EXERCISE GOAL:
Would you return the full listing exactly, with nothing altered?

DATASET RECORDS:
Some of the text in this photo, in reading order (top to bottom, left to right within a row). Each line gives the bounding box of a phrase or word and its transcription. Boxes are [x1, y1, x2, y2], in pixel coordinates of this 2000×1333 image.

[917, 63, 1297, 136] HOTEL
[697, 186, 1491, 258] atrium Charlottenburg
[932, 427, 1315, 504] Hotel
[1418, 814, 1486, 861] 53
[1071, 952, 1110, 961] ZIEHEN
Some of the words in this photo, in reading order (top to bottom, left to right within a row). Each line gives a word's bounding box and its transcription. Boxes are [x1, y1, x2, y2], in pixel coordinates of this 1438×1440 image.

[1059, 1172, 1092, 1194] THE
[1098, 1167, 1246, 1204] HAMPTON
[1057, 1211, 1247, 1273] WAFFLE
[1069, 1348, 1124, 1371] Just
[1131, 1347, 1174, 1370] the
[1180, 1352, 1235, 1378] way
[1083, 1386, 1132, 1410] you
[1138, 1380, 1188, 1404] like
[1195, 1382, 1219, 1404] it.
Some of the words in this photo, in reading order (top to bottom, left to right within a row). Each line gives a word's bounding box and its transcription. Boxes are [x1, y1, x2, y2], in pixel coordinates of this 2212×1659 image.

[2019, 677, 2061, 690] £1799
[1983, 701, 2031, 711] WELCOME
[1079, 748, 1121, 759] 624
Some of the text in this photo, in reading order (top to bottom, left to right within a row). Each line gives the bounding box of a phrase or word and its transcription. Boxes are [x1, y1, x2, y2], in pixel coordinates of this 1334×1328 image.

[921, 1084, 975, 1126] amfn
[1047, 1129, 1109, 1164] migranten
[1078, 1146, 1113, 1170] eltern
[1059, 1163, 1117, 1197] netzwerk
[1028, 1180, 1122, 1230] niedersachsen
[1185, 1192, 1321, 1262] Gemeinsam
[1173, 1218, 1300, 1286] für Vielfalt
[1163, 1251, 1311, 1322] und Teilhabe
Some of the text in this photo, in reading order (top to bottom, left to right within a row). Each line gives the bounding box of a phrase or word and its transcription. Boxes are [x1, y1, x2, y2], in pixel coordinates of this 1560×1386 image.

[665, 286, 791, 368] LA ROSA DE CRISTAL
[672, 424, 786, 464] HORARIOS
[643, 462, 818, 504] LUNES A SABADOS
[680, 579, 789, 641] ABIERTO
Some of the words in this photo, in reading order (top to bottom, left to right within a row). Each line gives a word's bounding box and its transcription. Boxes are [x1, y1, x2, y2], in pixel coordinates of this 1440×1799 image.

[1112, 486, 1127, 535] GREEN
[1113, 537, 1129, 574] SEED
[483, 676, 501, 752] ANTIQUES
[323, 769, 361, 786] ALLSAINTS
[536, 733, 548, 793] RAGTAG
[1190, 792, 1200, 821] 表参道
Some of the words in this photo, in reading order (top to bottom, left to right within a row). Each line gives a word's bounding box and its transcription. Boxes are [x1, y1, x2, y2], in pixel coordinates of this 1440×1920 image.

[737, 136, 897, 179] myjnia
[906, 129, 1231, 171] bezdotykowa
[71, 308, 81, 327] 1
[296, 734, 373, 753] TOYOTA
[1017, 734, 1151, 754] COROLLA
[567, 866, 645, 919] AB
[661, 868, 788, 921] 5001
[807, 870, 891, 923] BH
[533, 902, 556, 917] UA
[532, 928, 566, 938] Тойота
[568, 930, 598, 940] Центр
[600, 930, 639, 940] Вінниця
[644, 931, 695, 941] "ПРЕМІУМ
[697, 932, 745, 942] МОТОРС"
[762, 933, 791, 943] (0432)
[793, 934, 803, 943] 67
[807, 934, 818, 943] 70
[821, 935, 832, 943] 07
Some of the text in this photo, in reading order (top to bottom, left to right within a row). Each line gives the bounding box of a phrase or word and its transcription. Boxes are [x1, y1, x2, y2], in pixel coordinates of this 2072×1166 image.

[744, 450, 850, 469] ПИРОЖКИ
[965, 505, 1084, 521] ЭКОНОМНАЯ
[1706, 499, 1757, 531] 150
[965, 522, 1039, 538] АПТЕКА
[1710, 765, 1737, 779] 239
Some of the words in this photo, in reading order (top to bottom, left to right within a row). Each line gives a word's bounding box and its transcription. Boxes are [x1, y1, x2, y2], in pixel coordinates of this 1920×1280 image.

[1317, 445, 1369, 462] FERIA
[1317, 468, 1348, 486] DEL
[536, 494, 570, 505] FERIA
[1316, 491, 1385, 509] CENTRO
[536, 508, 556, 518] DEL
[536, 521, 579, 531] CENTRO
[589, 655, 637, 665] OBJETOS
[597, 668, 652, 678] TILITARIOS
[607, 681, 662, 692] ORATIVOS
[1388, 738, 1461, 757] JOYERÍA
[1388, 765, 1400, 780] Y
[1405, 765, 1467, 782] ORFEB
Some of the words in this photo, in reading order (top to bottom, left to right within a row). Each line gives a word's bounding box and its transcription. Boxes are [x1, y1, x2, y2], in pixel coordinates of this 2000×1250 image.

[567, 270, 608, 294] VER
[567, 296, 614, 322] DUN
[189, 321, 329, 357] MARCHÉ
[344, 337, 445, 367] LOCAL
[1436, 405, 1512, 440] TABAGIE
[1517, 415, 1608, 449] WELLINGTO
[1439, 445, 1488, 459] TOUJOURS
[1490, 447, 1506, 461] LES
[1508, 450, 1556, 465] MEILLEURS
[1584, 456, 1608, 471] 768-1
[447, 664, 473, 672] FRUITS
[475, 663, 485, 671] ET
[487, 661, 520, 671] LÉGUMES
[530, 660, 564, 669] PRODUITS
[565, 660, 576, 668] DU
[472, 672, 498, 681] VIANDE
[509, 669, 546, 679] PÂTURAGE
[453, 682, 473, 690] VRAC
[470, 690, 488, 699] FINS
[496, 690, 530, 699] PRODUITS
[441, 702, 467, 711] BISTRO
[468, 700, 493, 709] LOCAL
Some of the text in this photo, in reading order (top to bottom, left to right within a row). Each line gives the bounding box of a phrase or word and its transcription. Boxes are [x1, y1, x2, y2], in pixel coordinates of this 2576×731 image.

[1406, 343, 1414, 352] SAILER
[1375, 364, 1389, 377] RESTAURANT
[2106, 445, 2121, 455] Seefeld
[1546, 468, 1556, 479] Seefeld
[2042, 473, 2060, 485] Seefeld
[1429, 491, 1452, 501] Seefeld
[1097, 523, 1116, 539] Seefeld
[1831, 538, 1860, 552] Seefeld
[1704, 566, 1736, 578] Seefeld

SOLUTION FOR THIS EXERCISE:
Some of the text in this photo, in reading order (top to bottom, left to right within a row). Each line gives the bounding box of a phrase or word and its transcription. Boxes are [x1, y1, x2, y2], in pixel coordinates of this 2000×1333 image.

[917, 63, 1297, 136] HOTEL
[697, 186, 1491, 258] atrium Charlottenburg
[932, 427, 1315, 504] Hotel
[1418, 814, 1486, 861] 53
[1071, 952, 1110, 961] ZIEHEN
Some of the words in this photo, in reading order (top to bottom, left to right within a row). Each line gives a word's bounding box and its transcription. Boxes are [x1, y1, x2, y2], in pixel coordinates of this 1438×1440 image.

[1059, 1172, 1092, 1194] THE
[1098, 1167, 1246, 1204] HAMPTON
[1057, 1211, 1247, 1273] WAFFLE
[1069, 1348, 1124, 1371] Just
[1131, 1347, 1174, 1370] the
[1180, 1352, 1235, 1378] way
[1083, 1386, 1132, 1410] you
[1138, 1380, 1188, 1404] like
[1195, 1382, 1219, 1404] it.
Some of the words in this photo, in reading order (top to bottom, left to right within a row). Each line gives a word's bounding box and its transcription. Boxes are [x1, y1, x2, y2], in pixel coordinates of this 2212×1659 image.

[2019, 677, 2061, 690] £1799
[1983, 701, 2031, 711] WELCOME
[1079, 748, 1121, 759] 624
Some of the text in this photo, in reading order (top to bottom, left to right within a row). Each line gives the bounding box of a phrase or word and its transcription. Boxes are [x1, y1, x2, y2], in pixel coordinates of this 1334×1328 image.

[921, 1084, 975, 1126] amfn
[1047, 1129, 1109, 1164] migranten
[1078, 1146, 1113, 1170] eltern
[1059, 1163, 1117, 1197] netzwerk
[1028, 1180, 1122, 1230] niedersachsen
[1185, 1192, 1321, 1262] Gemeinsam
[1173, 1218, 1300, 1286] für Vielfalt
[1163, 1251, 1311, 1322] und Teilhabe
Some of the text in this photo, in reading order (top to bottom, left to right within a row). Each line gives the bounding box of a phrase or word and its transcription. Boxes are [x1, y1, x2, y2], in pixel coordinates of this 1560×1386 image.

[665, 286, 791, 368] LA ROSA DE CRISTAL
[672, 424, 786, 464] HORARIOS
[643, 462, 818, 504] LUNES A SABADOS
[680, 579, 789, 641] ABIERTO
Some of the words in this photo, in reading order (top to bottom, left to right within a row). Each line gives a word's bounding box and its transcription. Boxes are [x1, y1, x2, y2], in pixel coordinates of this 1440×1799 image.

[1112, 486, 1127, 535] GREEN
[1113, 537, 1129, 574] SEED
[483, 676, 501, 752] ANTIQUES
[323, 769, 361, 786] ALLSAINTS
[536, 733, 548, 793] RAGTAG
[1190, 792, 1200, 821] 表参道
Some of the words in this photo, in reading order (top to bottom, left to right within a row). Each line gives a word's bounding box and its transcription. Boxes are [x1, y1, x2, y2], in pixel coordinates of this 1440×1920 image.

[737, 136, 897, 179] myjnia
[906, 129, 1231, 171] bezdotykowa
[71, 308, 81, 327] 1
[296, 734, 373, 753] TOYOTA
[1017, 734, 1151, 754] COROLLA
[567, 866, 645, 919] AB
[661, 868, 788, 921] 5001
[807, 870, 891, 923] BH
[533, 902, 556, 917] UA
[532, 928, 566, 938] Тойота
[568, 930, 598, 940] Центр
[600, 930, 639, 940] Вінниця
[644, 931, 695, 941] "ПРЕМІУМ
[697, 932, 745, 942] МОТОРС"
[762, 933, 791, 943] (0432)
[793, 934, 803, 943] 67
[807, 934, 818, 943] 70
[821, 935, 832, 943] 07
Some of the text in this photo, in reading order (top to bottom, left to right within a row). Each line gives the bounding box of a phrase or word and its transcription. Boxes are [x1, y1, x2, y2], in pixel coordinates of this 2072×1166 image.

[744, 450, 850, 469] ПИРОЖКИ
[965, 505, 1084, 521] ЭКОНОМНАЯ
[1706, 499, 1757, 531] 150
[965, 522, 1039, 538] АПТЕКА
[1710, 765, 1737, 779] 239
Some of the words in this photo, in reading order (top to bottom, left to right within a row). Each line gives a word's bounding box and its transcription. Boxes are [x1, y1, x2, y2], in pixel coordinates of this 1920×1280 image.

[1317, 445, 1369, 462] FERIA
[1317, 468, 1348, 486] DEL
[536, 494, 570, 505] FERIA
[1316, 491, 1385, 509] CENTRO
[536, 508, 556, 518] DEL
[536, 521, 579, 531] CENTRO
[589, 655, 637, 665] OBJETOS
[597, 668, 652, 678] TILITARIOS
[607, 681, 662, 692] ORATIVOS
[1388, 738, 1461, 757] JOYERÍA
[1388, 765, 1400, 780] Y
[1405, 765, 1467, 782] ORFEB
Some of the words in this photo, in reading order (top to bottom, left to right within a row). Each line gives a word's bounding box and its transcription. Boxes are [x1, y1, x2, y2], in pixel coordinates of this 2000×1250 image.

[567, 270, 608, 294] VER
[567, 296, 614, 322] DUN
[189, 321, 329, 357] MARCHÉ
[344, 337, 445, 367] LOCAL
[1436, 405, 1512, 440] TABAGIE
[1517, 415, 1608, 449] WELLINGTO
[1439, 445, 1488, 459] TOUJOURS
[1490, 447, 1506, 461] LES
[1508, 450, 1556, 465] MEILLEURS
[1584, 456, 1608, 471] 768-1
[447, 664, 473, 672] FRUITS
[475, 663, 485, 671] ET
[487, 661, 520, 671] LÉGUMES
[530, 660, 564, 669] PRODUITS
[565, 660, 576, 668] DU
[472, 672, 498, 681] VIANDE
[509, 669, 546, 679] PÂTURAGE
[453, 682, 473, 690] VRAC
[470, 690, 488, 699] FINS
[496, 690, 530, 699] PRODUITS
[441, 702, 467, 711] BISTRO
[468, 700, 493, 709] LOCAL
Some of the text in this photo, in reading order (top to bottom, left to right within a row). Each line gives the bounding box of a phrase or word and its transcription. Boxes are [x1, y1, x2, y2], in pixel coordinates of this 2576×731 image.

[1406, 343, 1414, 352] SAILER
[1375, 364, 1389, 377] RESTAURANT
[2106, 445, 2121, 455] Seefeld
[1546, 468, 1556, 479] Seefeld
[2042, 473, 2060, 485] Seefeld
[1429, 491, 1452, 501] Seefeld
[1097, 523, 1116, 539] Seefeld
[1831, 538, 1860, 552] Seefeld
[1704, 566, 1736, 578] Seefeld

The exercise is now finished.